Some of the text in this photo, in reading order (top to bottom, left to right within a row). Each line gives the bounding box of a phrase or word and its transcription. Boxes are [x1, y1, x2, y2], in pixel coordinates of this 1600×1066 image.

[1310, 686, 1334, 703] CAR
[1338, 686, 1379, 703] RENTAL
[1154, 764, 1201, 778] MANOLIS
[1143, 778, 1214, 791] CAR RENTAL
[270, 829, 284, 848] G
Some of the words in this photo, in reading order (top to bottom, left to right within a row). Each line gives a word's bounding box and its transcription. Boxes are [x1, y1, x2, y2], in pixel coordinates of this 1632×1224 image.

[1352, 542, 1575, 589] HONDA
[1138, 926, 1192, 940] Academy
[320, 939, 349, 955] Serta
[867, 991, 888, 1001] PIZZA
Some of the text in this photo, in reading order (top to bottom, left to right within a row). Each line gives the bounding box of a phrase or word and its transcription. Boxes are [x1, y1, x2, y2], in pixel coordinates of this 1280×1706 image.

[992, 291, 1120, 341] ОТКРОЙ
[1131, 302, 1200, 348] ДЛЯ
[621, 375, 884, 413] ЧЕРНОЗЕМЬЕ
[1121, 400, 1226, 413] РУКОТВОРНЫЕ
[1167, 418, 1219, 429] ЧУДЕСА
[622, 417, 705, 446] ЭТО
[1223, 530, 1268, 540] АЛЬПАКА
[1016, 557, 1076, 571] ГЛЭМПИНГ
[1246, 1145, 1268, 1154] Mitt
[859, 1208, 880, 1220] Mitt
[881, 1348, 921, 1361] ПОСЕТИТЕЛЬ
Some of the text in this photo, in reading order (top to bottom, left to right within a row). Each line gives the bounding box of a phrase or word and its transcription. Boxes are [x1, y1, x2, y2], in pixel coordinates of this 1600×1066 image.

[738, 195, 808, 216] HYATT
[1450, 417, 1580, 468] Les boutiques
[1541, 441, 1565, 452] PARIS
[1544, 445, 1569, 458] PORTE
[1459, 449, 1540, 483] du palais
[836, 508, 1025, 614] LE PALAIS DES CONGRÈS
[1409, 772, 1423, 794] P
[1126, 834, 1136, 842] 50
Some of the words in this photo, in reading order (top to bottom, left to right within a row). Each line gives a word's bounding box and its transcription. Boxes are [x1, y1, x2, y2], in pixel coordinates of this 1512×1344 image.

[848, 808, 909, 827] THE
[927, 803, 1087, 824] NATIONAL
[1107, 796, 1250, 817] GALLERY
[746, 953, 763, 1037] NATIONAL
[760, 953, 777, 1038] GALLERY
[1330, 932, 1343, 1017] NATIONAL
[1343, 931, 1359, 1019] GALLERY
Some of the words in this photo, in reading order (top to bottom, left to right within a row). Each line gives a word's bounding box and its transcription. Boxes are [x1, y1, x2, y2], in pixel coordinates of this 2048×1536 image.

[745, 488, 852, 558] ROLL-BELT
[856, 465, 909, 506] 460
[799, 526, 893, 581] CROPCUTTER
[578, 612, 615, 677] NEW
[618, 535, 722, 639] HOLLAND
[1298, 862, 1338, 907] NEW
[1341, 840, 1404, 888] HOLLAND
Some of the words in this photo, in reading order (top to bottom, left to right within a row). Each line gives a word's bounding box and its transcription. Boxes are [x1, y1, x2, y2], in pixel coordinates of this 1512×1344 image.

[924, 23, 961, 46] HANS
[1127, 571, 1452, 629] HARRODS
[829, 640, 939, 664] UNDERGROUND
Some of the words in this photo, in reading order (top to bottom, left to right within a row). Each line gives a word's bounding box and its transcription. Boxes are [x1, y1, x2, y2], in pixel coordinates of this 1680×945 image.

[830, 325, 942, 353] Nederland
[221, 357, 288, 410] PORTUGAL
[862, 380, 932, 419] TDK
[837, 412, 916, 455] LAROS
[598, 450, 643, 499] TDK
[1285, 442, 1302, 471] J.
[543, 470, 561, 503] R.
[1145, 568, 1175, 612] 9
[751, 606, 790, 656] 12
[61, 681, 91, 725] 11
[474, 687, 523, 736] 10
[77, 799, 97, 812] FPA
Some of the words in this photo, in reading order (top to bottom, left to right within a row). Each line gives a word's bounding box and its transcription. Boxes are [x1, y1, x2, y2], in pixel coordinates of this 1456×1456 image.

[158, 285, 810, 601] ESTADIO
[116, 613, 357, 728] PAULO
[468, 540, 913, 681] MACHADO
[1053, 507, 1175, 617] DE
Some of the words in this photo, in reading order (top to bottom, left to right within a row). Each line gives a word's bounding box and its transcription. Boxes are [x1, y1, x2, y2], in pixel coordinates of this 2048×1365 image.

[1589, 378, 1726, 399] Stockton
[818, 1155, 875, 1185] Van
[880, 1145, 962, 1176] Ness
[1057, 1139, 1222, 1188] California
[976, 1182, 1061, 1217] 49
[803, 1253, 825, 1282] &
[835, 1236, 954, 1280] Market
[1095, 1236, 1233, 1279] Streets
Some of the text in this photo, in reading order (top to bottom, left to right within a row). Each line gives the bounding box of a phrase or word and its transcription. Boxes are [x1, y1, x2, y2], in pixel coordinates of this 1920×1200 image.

■ ■ ■ ■ ■ ■ ■

About this exercise
Restate each record above exactly, leaving nothing out.

Response area
Some of the text in this photo, in reading order (top to bottom, left to right within a row). Each line gives the bounding box of a phrase or word and its transcription. Boxes are [x1, y1, x2, y2], in pixel coordinates of this 1600×1066 image.

[1310, 686, 1334, 703] CAR
[1338, 686, 1379, 703] RENTAL
[1154, 764, 1201, 778] MANOLIS
[1143, 778, 1214, 791] CAR RENTAL
[270, 829, 284, 848] G
Some of the words in this photo, in reading order (top to bottom, left to right within a row). Each line gives a word's bounding box and its transcription. Boxes are [x1, y1, x2, y2], in pixel coordinates of this 1632×1224 image.

[1352, 542, 1575, 589] HONDA
[1138, 926, 1192, 940] Academy
[320, 939, 349, 955] Serta
[867, 991, 888, 1001] PIZZA
Some of the text in this photo, in reading order (top to bottom, left to right within a row). Each line gives the bounding box of a phrase or word and its transcription. Boxes are [x1, y1, x2, y2], in pixel coordinates of this 1280×1706 image.

[992, 291, 1120, 341] ОТКРОЙ
[1131, 302, 1200, 348] ДЛЯ
[621, 375, 884, 413] ЧЕРНОЗЕМЬЕ
[1121, 400, 1226, 413] РУКОТВОРНЫЕ
[1167, 418, 1219, 429] ЧУДЕСА
[622, 417, 705, 446] ЭТО
[1223, 530, 1268, 540] АЛЬПАКА
[1016, 557, 1076, 571] ГЛЭМПИНГ
[1246, 1145, 1268, 1154] Mitt
[859, 1208, 880, 1220] Mitt
[881, 1348, 921, 1361] ПОСЕТИТЕЛЬ
Some of the text in this photo, in reading order (top to bottom, left to right within a row). Each line gives the bounding box of a phrase or word and its transcription. Boxes are [x1, y1, x2, y2], in pixel coordinates of this 1600×1066 image.

[738, 195, 808, 216] HYATT
[1450, 417, 1580, 468] Les boutiques
[1541, 441, 1565, 452] PARIS
[1544, 445, 1569, 458] PORTE
[1459, 449, 1540, 483] du palais
[836, 508, 1025, 614] LE PALAIS DES CONGRÈS
[1409, 772, 1423, 794] P
[1126, 834, 1136, 842] 50
Some of the words in this photo, in reading order (top to bottom, left to right within a row). Each line gives a word's bounding box and its transcription. Boxes are [x1, y1, x2, y2], in pixel coordinates of this 1512×1344 image.

[848, 808, 909, 827] THE
[927, 803, 1087, 824] NATIONAL
[1107, 796, 1250, 817] GALLERY
[746, 953, 763, 1037] NATIONAL
[760, 953, 777, 1038] GALLERY
[1330, 932, 1343, 1017] NATIONAL
[1343, 931, 1359, 1019] GALLERY
Some of the words in this photo, in reading order (top to bottom, left to right within a row). Each line gives a word's bounding box and its transcription. Boxes are [x1, y1, x2, y2], in pixel coordinates of this 2048×1536 image.

[745, 488, 852, 558] ROLL-BELT
[856, 465, 909, 506] 460
[799, 526, 893, 581] CROPCUTTER
[578, 612, 615, 677] NEW
[618, 535, 722, 639] HOLLAND
[1298, 862, 1338, 907] NEW
[1341, 840, 1404, 888] HOLLAND
Some of the words in this photo, in reading order (top to bottom, left to right within a row). Each line gives a word's bounding box and its transcription. Boxes are [x1, y1, x2, y2], in pixel coordinates of this 1512×1344 image.

[924, 23, 961, 46] HANS
[1127, 571, 1452, 629] HARRODS
[829, 640, 939, 664] UNDERGROUND
Some of the words in this photo, in reading order (top to bottom, left to right within a row). Each line gives a word's bounding box and its transcription. Boxes are [x1, y1, x2, y2], in pixel coordinates of this 1680×945 image.

[830, 325, 942, 353] Nederland
[221, 357, 288, 410] PORTUGAL
[862, 380, 932, 419] TDK
[837, 412, 916, 455] LAROS
[598, 450, 643, 499] TDK
[1285, 442, 1302, 471] J.
[543, 470, 561, 503] R.
[1145, 568, 1175, 612] 9
[751, 606, 790, 656] 12
[61, 681, 91, 725] 11
[474, 687, 523, 736] 10
[77, 799, 97, 812] FPA
Some of the words in this photo, in reading order (top to bottom, left to right within a row). Each line gives a word's bounding box and its transcription. Boxes are [x1, y1, x2, y2], in pixel coordinates of this 1456×1456 image.

[158, 285, 810, 601] ESTADIO
[116, 613, 357, 728] PAULO
[468, 540, 913, 681] MACHADO
[1053, 507, 1175, 617] DE
Some of the words in this photo, in reading order (top to bottom, left to right within a row). Each line gives a word's bounding box and its transcription. Boxes are [x1, y1, x2, y2], in pixel coordinates of this 2048×1365 image.

[1589, 378, 1726, 399] Stockton
[818, 1155, 875, 1185] Van
[880, 1145, 962, 1176] Ness
[1057, 1139, 1222, 1188] California
[976, 1182, 1061, 1217] 49
[803, 1253, 825, 1282] &
[835, 1236, 954, 1280] Market
[1095, 1236, 1233, 1279] Streets
Some of the text in this photo, in reading order (top to bottom, left to right within a row). Each line gives the bounding box of a phrase or word and its transcription. Boxes are [x1, y1, x2, y2], in pixel coordinates of this 1920×1200 image.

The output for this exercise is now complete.